When it was over, he did not immediately speak.
I held his eyes through the screen and asked, “Can psychics forge evidence to that degree?”
“In general, falsifying physical archives is extremely difficult,” he answered after a beat. “However...we can implant suggestive tendencies. Alter perception. Encourage certain decisions.”
My pulse leapt, a hammer in my veins.
“You think someone could have influenced him?”
“I think,” Corin replied carefully, “that if your father was already predisposed to prioritize reputation, nudging him toward suppression wouldn’t require rewriting his mind. Only amplifying what was already there.”
That was worse somehow.
“And Celeste? Could she have been influenced, too?”
Or was my sister just an evil bitch through and through?
Corin paused for a long while.
And then: “We may need to speak to Brett.”
My brows knit together. “Brett? Why? What does he have to do with this?”

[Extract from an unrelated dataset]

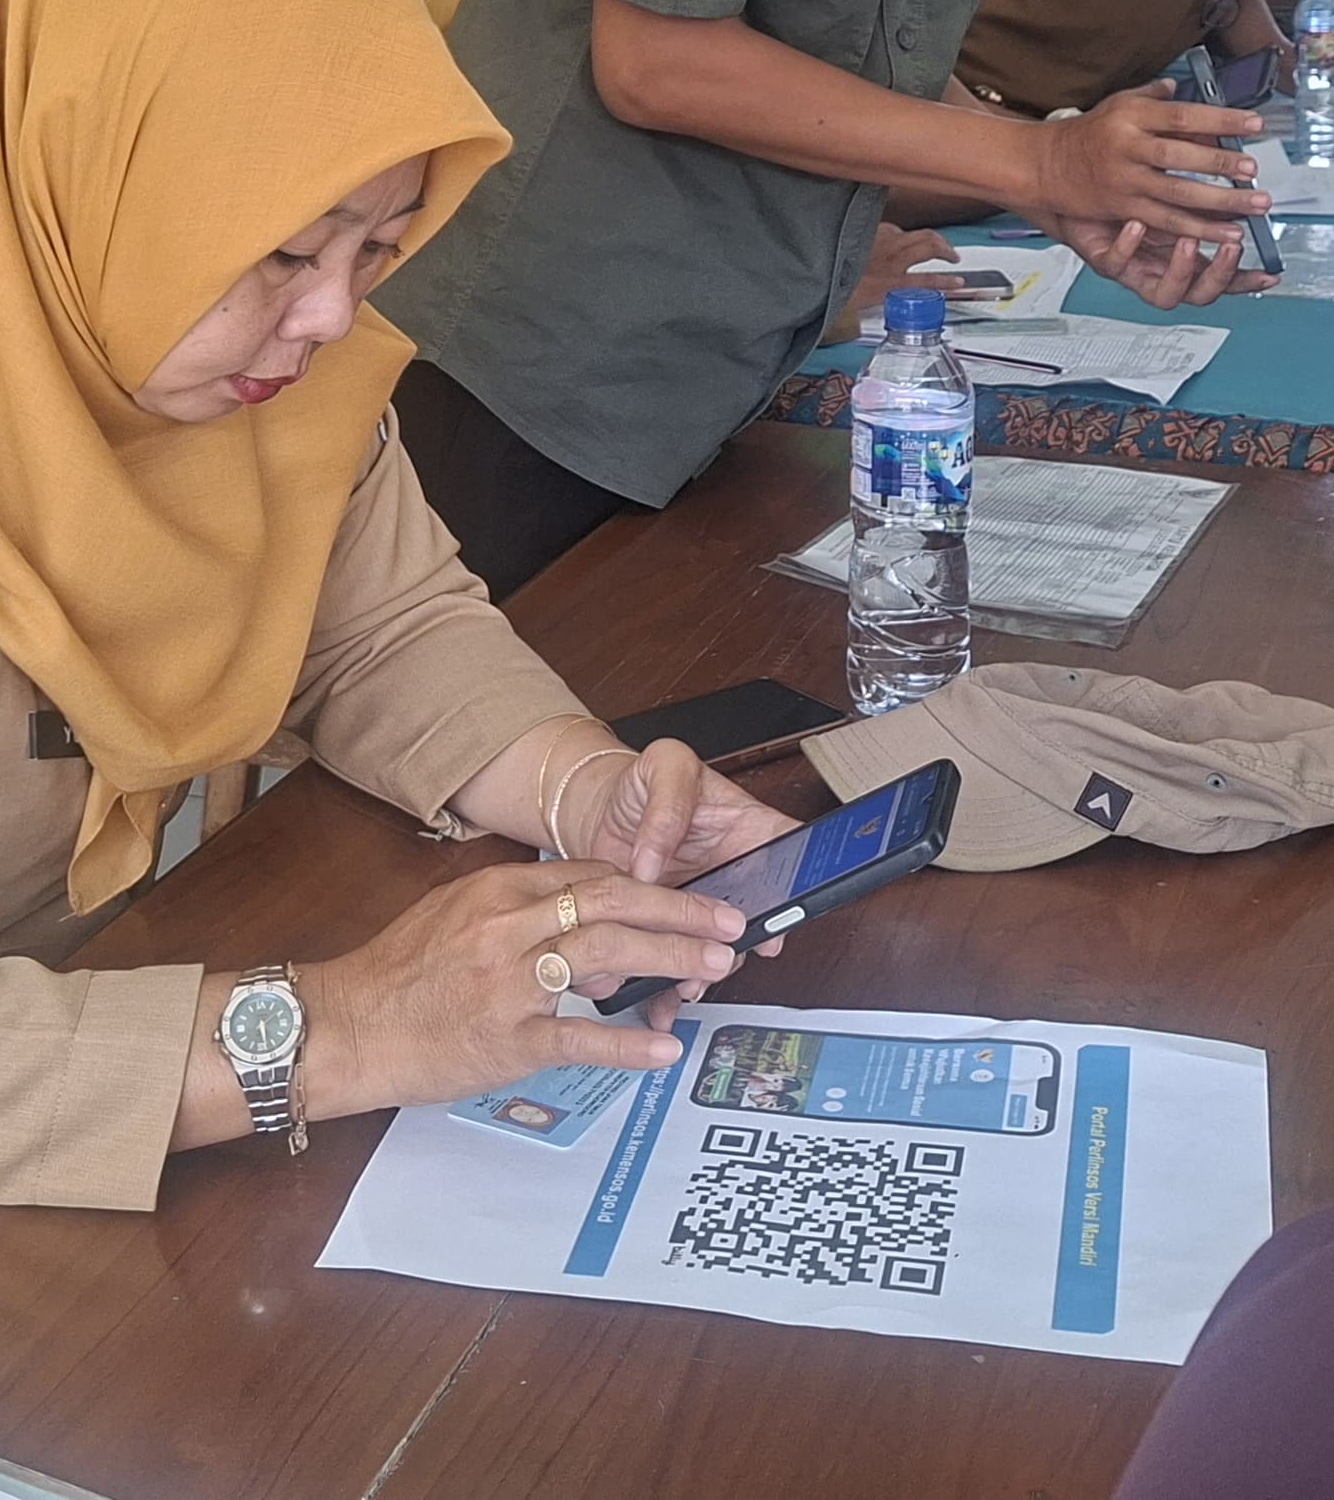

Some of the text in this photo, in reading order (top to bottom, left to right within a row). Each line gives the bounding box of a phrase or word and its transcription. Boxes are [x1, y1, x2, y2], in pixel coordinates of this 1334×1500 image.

[596, 1066, 672, 1224] ttps://perlinsos.kemensos.go.id
[1078, 1106, 1108, 1268] Portal Perlinsos Versi Mandiri
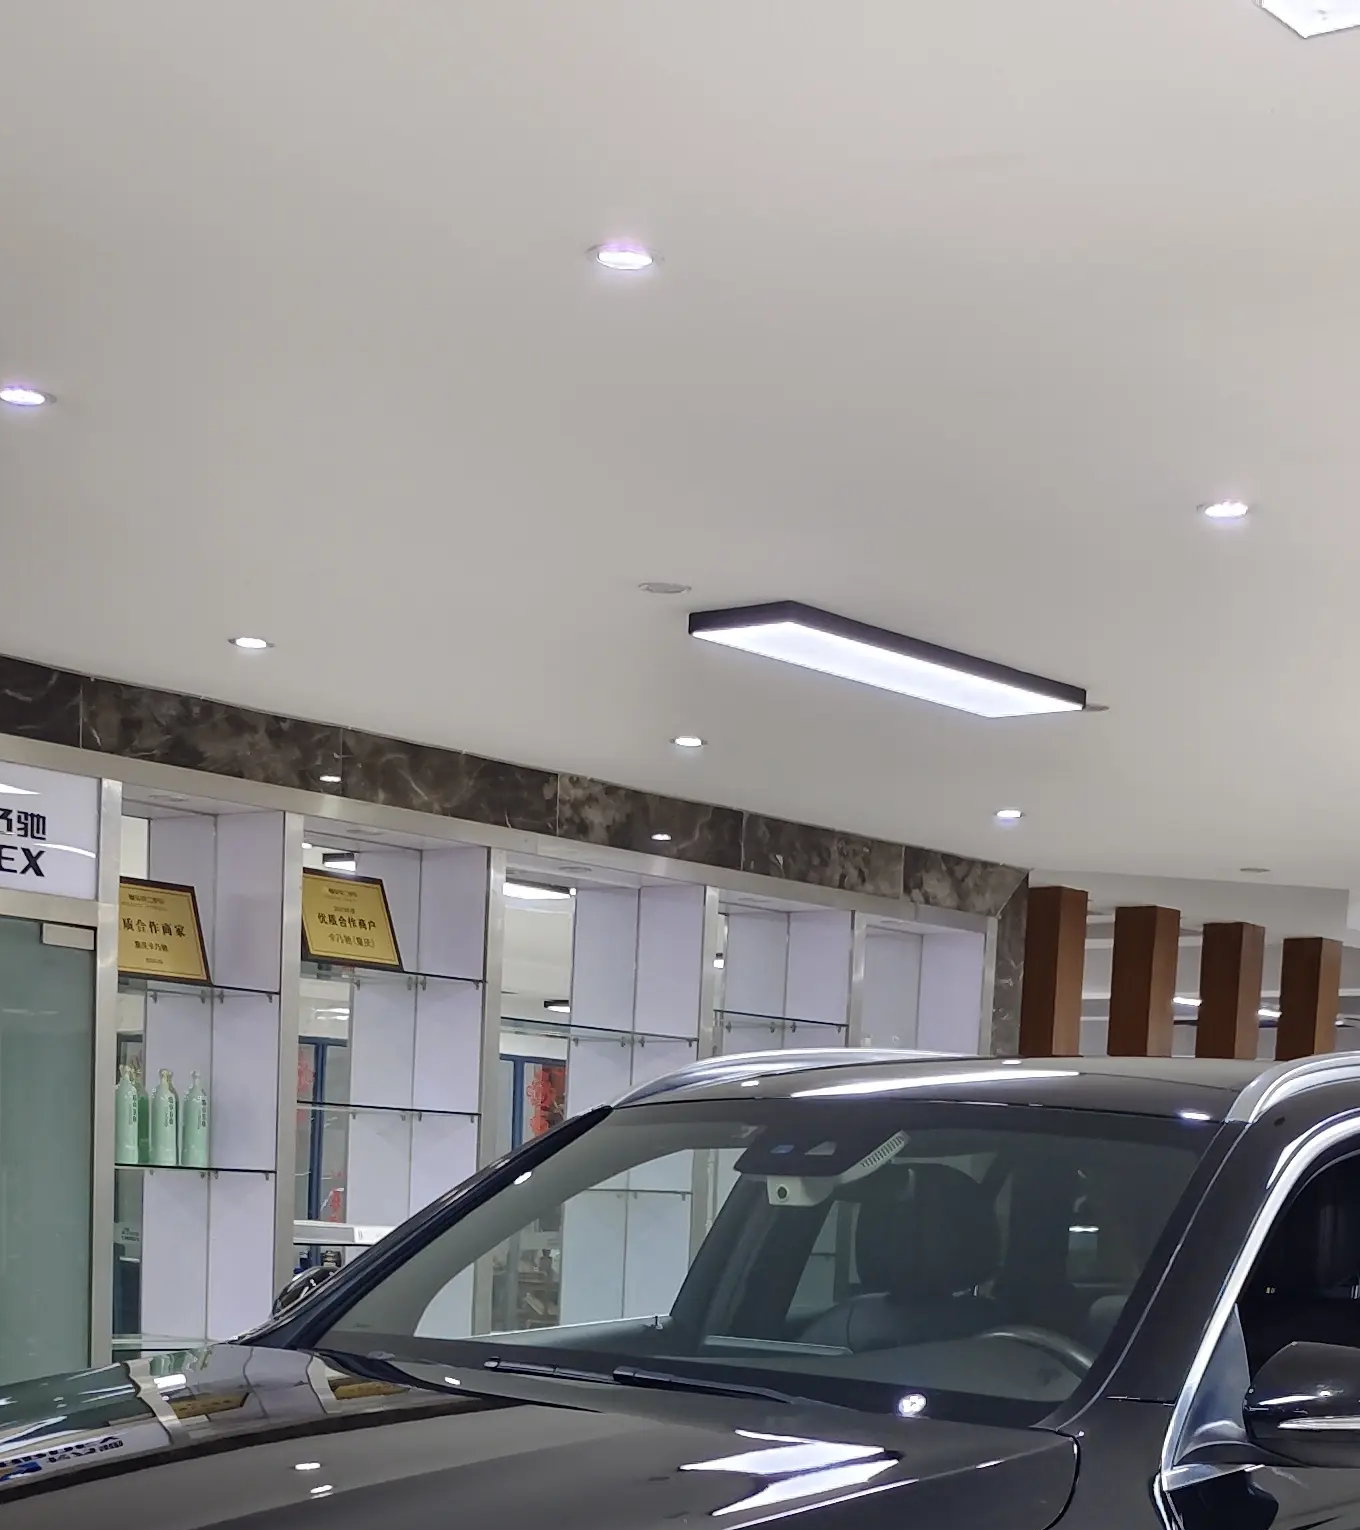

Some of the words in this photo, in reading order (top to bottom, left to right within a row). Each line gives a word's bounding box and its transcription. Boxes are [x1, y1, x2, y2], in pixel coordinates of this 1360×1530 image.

“There are connections you’re not aware of,” Corin said softly. “And Brett has something he intended to confess to you during this trip anyway.”
I frowned harder. “What?”
“It’s not my story to tell,” he replied. “If you allow it, I’ll ask him and Maris to come directly to Nightfang. They just landed. I can fill them in on the way.”
I hesitated for the second it took to look at Kieran and receive his permission.
“Bring them.”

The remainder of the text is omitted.